We put on Mavis Staples' 1970 "Only for the Lonely" Stax recording (ladies choice) and sipped the velvet smooth spirit from souvenir shot glasses I purchased at Rock City, Tn.

It doesn't get more romantic than that.


The vodka's gentle touch was not overbearing and encouraged me to try some recipes I was given by Ryan Lang, OYO's head distiller at Middle West Spriits in Columbus, Ohio. Middle West is Central Ohio's first and only "grain-to-bottle" micro-distillery. I'm not much of a vodka drinker, but the $34.95 investment for OYO was a high five-o.

......Despite its cutesy name, I might try the "Sugar and Spice":
* 1.5 oz OYO Honey Vanilla Bean Vodka. The vodka is infused with Ohio wildflower honey.
* .5 oz. St. Germaine Elderflower Liquer
* 1 oz. Fresh Ruby Red Grapefruit Juice
* .5 oz Agave Nectar
3 pink peppercorns, muddled (this sealed the deal for me)
Muddle peppercorns with agave, then add grapefruit juice, elderflower, vodka. Shake well with ice and double strain into chilled martini glass. Garnish with 3 floating pink peppercorns.
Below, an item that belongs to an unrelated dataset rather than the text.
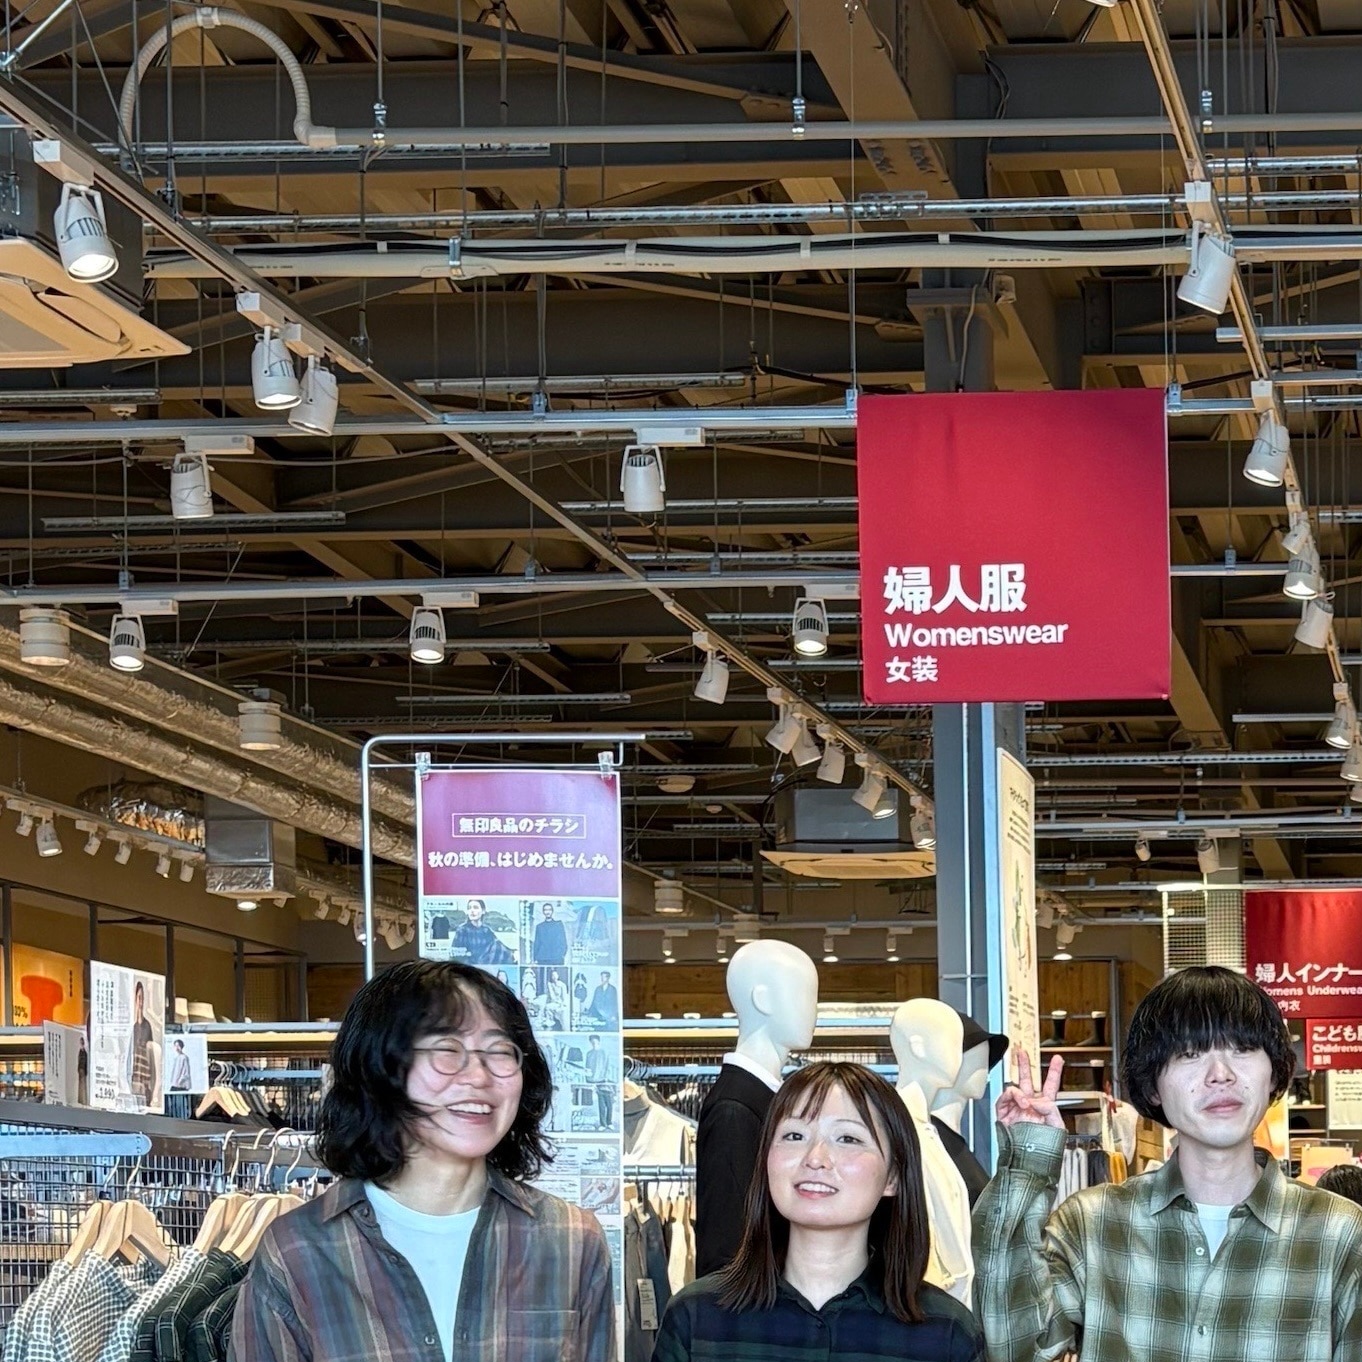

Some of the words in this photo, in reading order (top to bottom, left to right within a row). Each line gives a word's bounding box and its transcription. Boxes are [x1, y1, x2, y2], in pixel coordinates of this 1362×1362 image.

[883, 563, 1028, 615] 婦人服
[884, 622, 1069, 648] Womenswear
[885, 654, 939, 683] 女装
[459, 816, 579, 834] 無印良品のチラシ
The next time we spin some Johnny Cash, there's the special Orange Blossom:
* 1 oz. OYO Honey Vanilla Bean Vodka
* 1 oz. Grand Marnier
* 1 oz. Fresh squeezed orange juice
* 5 drops orange flower water.
Build all ingredients in rocks glass filled with ice. Garnish with long orange twist.

"We love the flavor profile," said Middle West GM/principle Brady Konya, 38 after I visited the 3,200-square-foot, open air distillery a few weeks ago. "We don't filter it using activated carbons so it maintains all the character and body from the grain. It is just like a wine. From one micro-climate 80 miles around Fostoria, Ohio, about 1,000 farms contribute to the mill from which we source all of our grain. The mineral characteristic and acidity from the precpitation in that part of Ohio effects the flavor of the grain that ultimately translates into what OYO tastes like."
But vanilla orchids don't flourish around Columbus. Middle West finds raw beans in Uganda and scrapes them to obtain the ultimate flavor.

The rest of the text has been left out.